* **Required work**
Each record that comes next should be output exactly; pictures do not belong in the copy.

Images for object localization

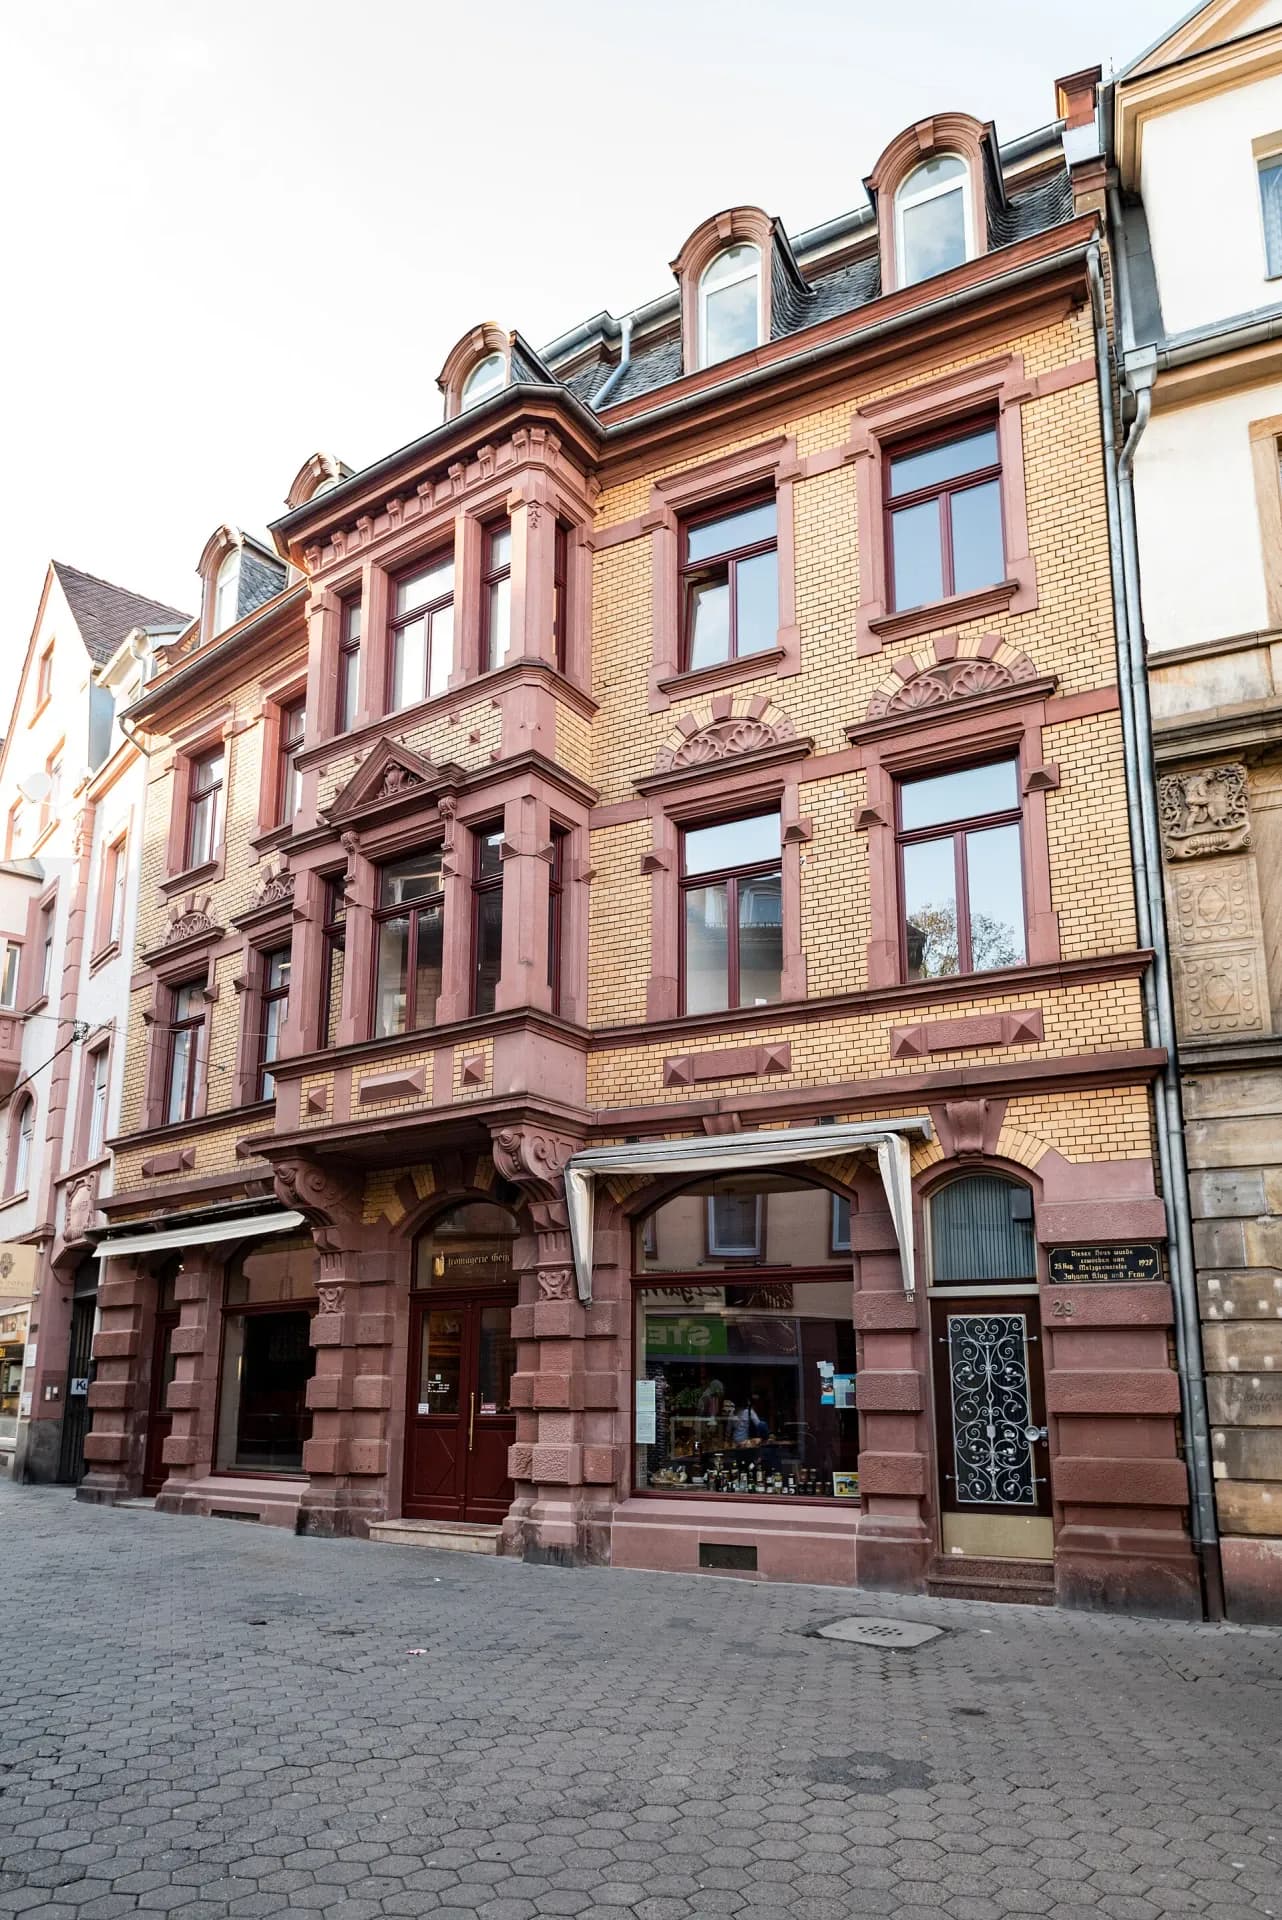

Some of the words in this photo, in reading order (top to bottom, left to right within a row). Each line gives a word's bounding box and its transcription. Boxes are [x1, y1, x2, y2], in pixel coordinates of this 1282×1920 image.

[1079, 1263, 1127, 1271] Metzgermeister
[1063, 1272, 1089, 1280] Johann
[1128, 1270, 1145, 1278] Frau
[1053, 1299, 1074, 1317] 29

* **Solution for this task**
Some of the words in this photo, in reading order (top to bottom, left to right within a row). Each line gives a word's bounding box and its transcription. Boxes are [x1, y1, x2, y2], in pixel coordinates of this 1282×1920 image.

[1079, 1263, 1127, 1271] Metzgermeister
[1063, 1272, 1089, 1280] Johann
[1128, 1270, 1145, 1278] Frau
[1053, 1299, 1074, 1317] 29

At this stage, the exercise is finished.